I was Joseph W. Hunter speaking through my Corona now. Joseph William Hunter. Formerly Josef Wilhelm Jäger, which I was keeping quiet about. From Chicago he was publishing widely in the German-language newspapers and the German-American English-language newspapers in the U.S.A. He was a damn good writer, sentence to sentence at least, though he clearly had an agenda. He was a justifier and apologist for the home country.
No. Not he. I. I was this guy Hunter. Becoming him, at least. I was still in love with mein Vaterland and anxious that my fellow Americans understood why. I was writing about the war as if America was smart to remain out of the fray. As if we were getting the wrong dope about Germany and its goals and its intentions. We had far more in common with the Germans than we did with the Brits.
It turned my stomach but it had to be done. It was quite likely, given recent events, that Christopher Cobb was known to the German Foreign Office as a dangerous man. Journalism was what I knew best as a cover identity and Germany was still courting sympathetic American journalists. Joe Hunter would be useful.
He was in the works even before my mix-up with the Huns this past spring. I’d been creating him ever since I came out of my secret service training in February speaking damn good German, the language training aided by a lifetime of intense and varied private education in the back stages and dressing rooms of the thousand theaters of my childhood and by my mother’s gene for mimicry.

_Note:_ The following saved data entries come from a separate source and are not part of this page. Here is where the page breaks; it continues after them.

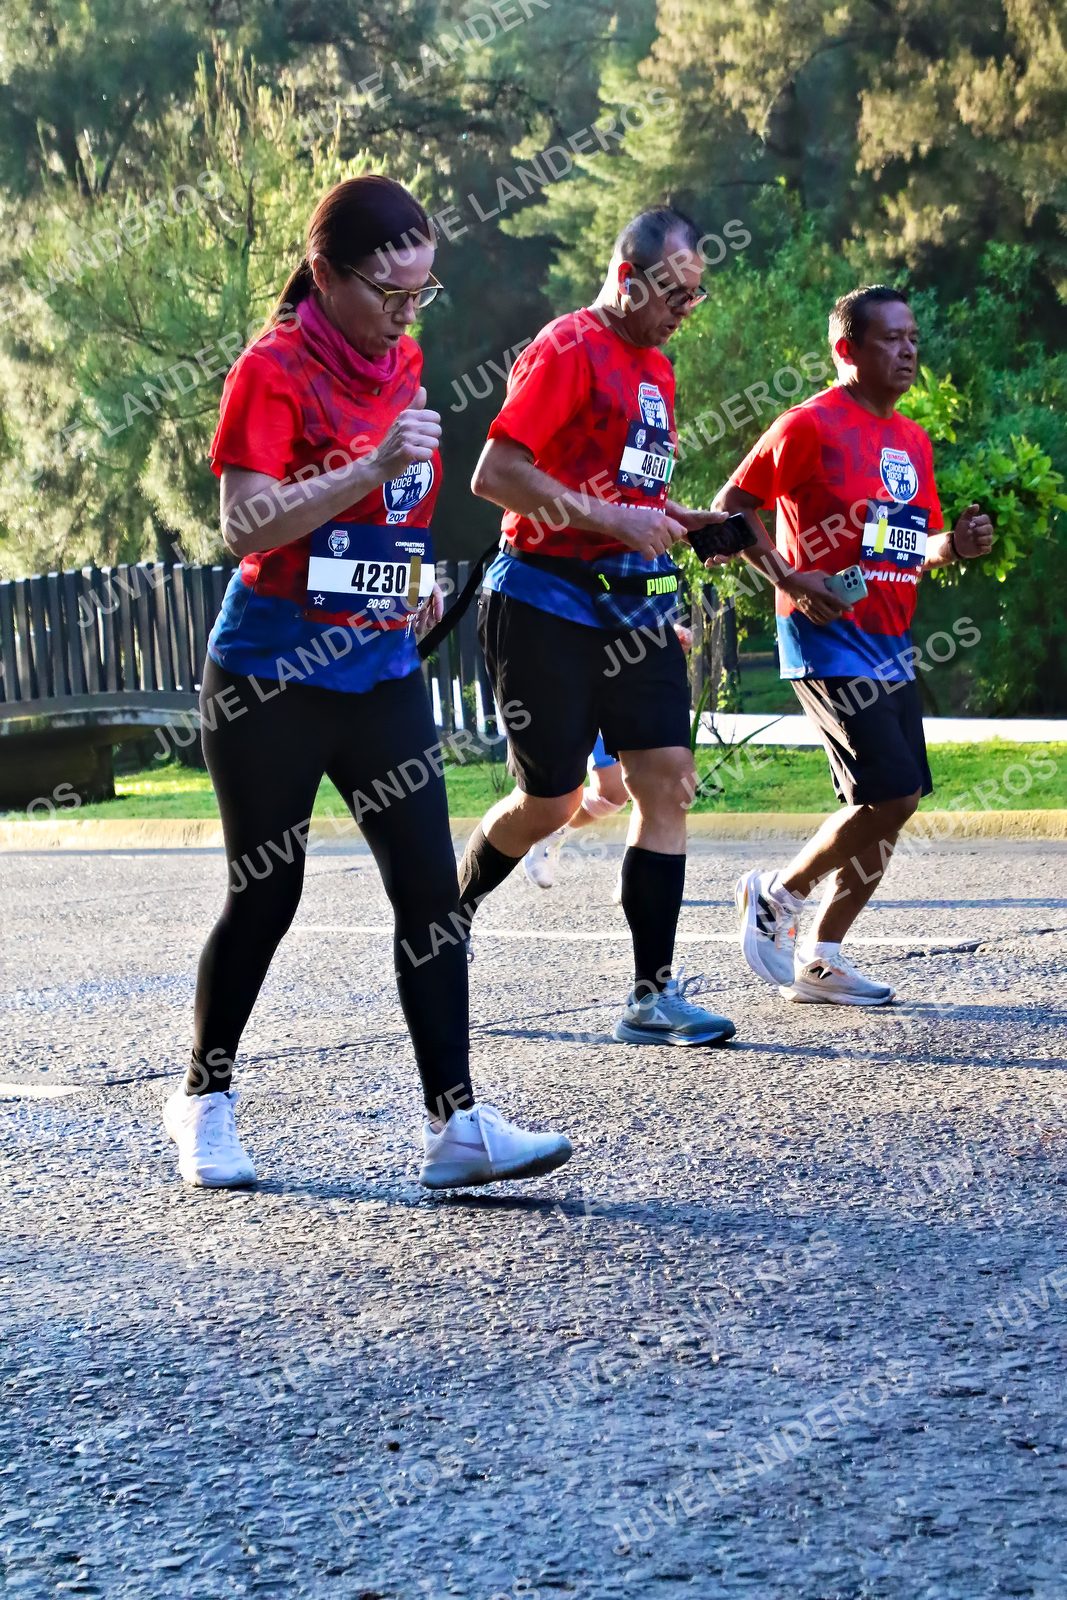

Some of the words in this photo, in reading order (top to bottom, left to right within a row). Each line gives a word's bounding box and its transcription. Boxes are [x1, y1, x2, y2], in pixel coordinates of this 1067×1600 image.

[641, 454, 666, 479] 4860
[888, 529, 917, 551] 4859
[351, 562, 407, 594] 4230
[646, 575, 678, 596] PUMA
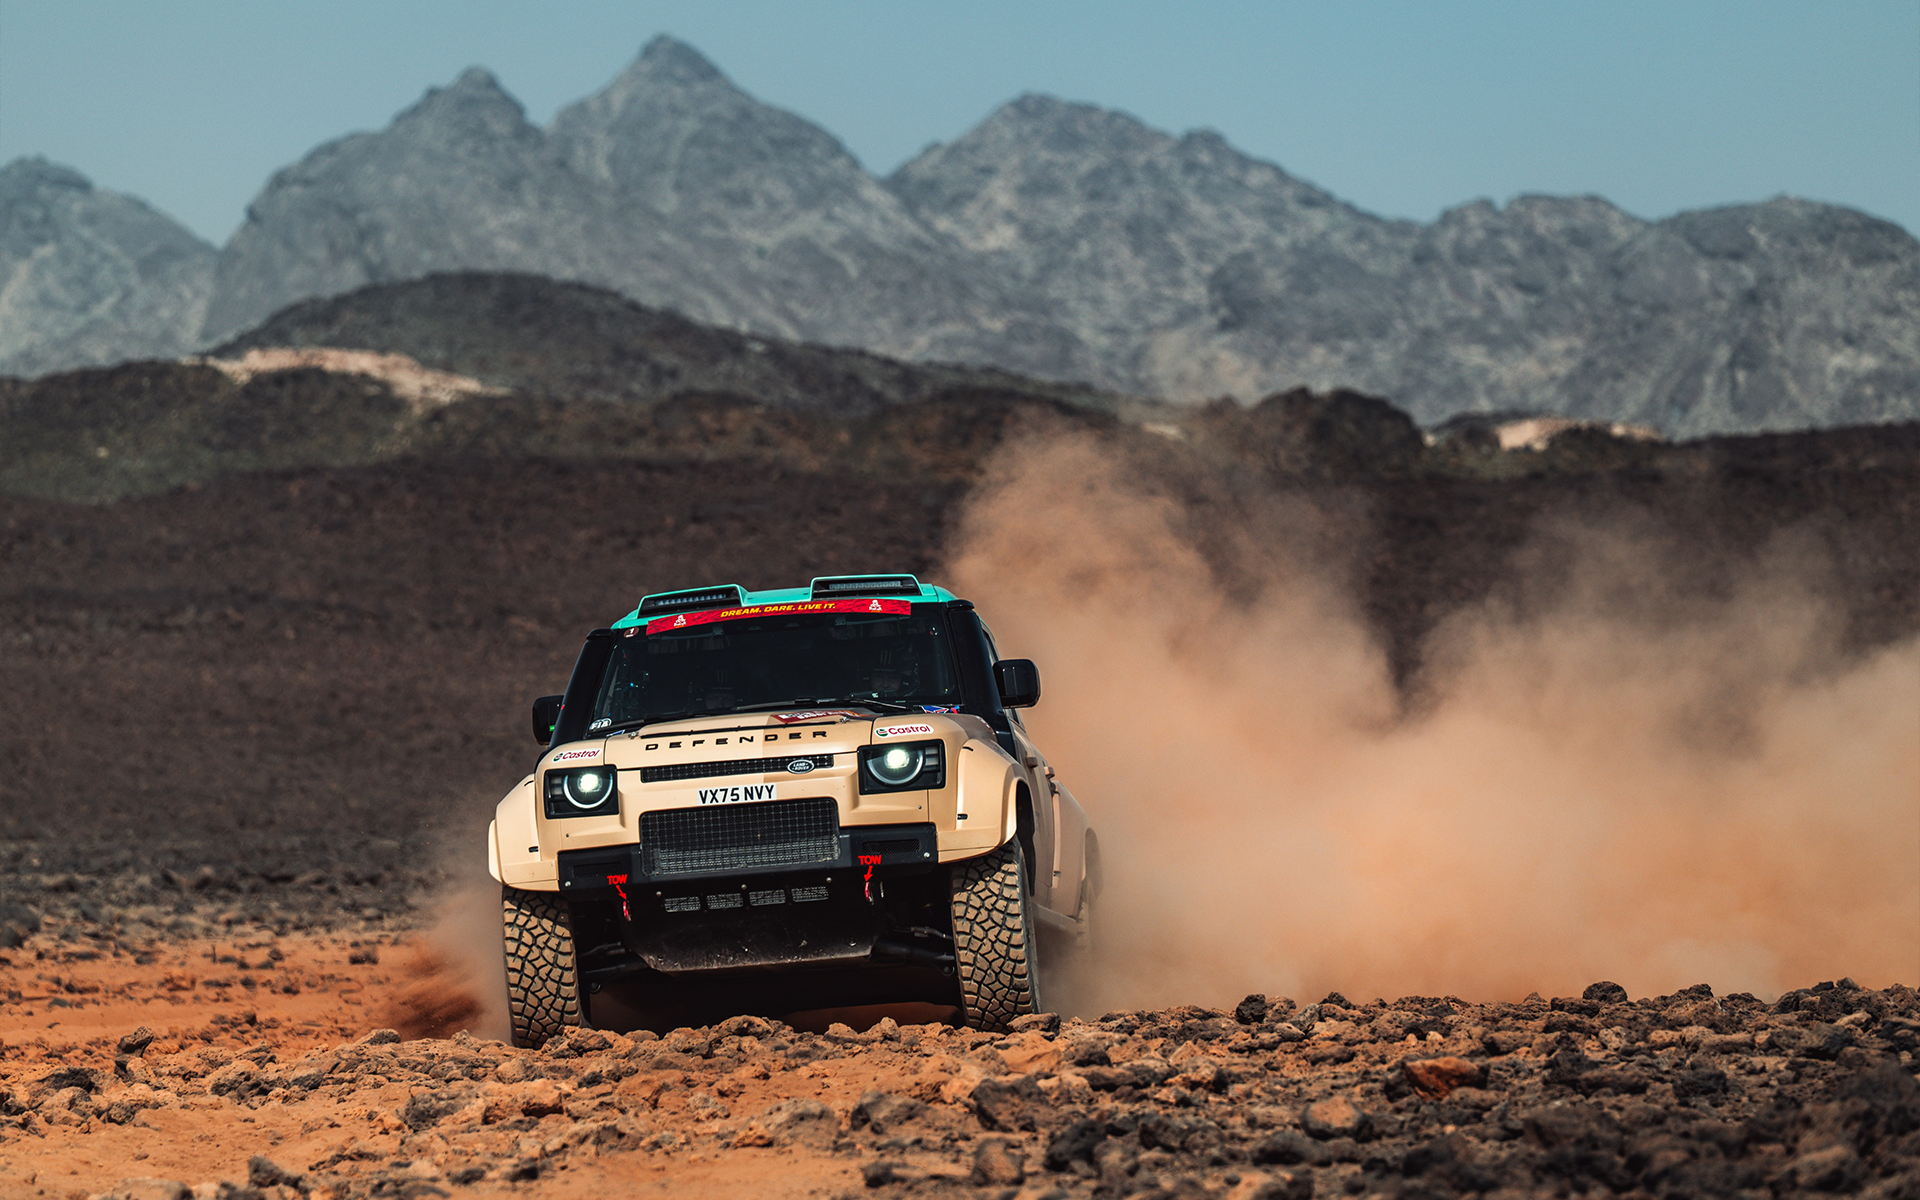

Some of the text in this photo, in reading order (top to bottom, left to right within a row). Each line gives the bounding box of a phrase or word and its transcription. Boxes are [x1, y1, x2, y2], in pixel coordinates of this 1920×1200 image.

[720, 608, 762, 617] DREAM.
[764, 604, 796, 612] DARE.
[888, 725, 931, 735] Castrol
[645, 731, 827, 751] DEFENDER
[562, 750, 601, 760] Castrol
[699, 784, 775, 805] VX75 NVY
[857, 855, 882, 865] TOW
[606, 874, 628, 885] TOW

I’d lit the electric light with the reasonable intent of making good use of my sleeplessness. I had a story to cook up about a movement among Chicago school administrators who advocated more classes in German in anticipation of a new order in Europe. But I reconsidered. I was Cobb alone tonight. Only Cobb. I reached up and turned the key and extinguished the light.
I moved to the window and opened the heavy blackout drape. It was the newest thing in the room. Since January London faced the nightly possibility of a Zeppelin attack. Since May the attacks had come to city center and were increasing in number and bomb load. The Brits still hadn’t figured out how to defend themselves. The airships could climb faster and higher than the Sopwiths and Bleriots of the Royal Flying Corps, and the best the anti-aircraft ground defenses had were Hotchkiss six-pounders whose range was less than half the Zepps’ attack altitude. The city was defenseless.
My rooms were at the back of the hotel on the upper floor, the fourth. I looked along the parapets and chimneys of the rooftops stretching north on James Street, all of it barely visible, blacked out, as was the whole city in the overcast night.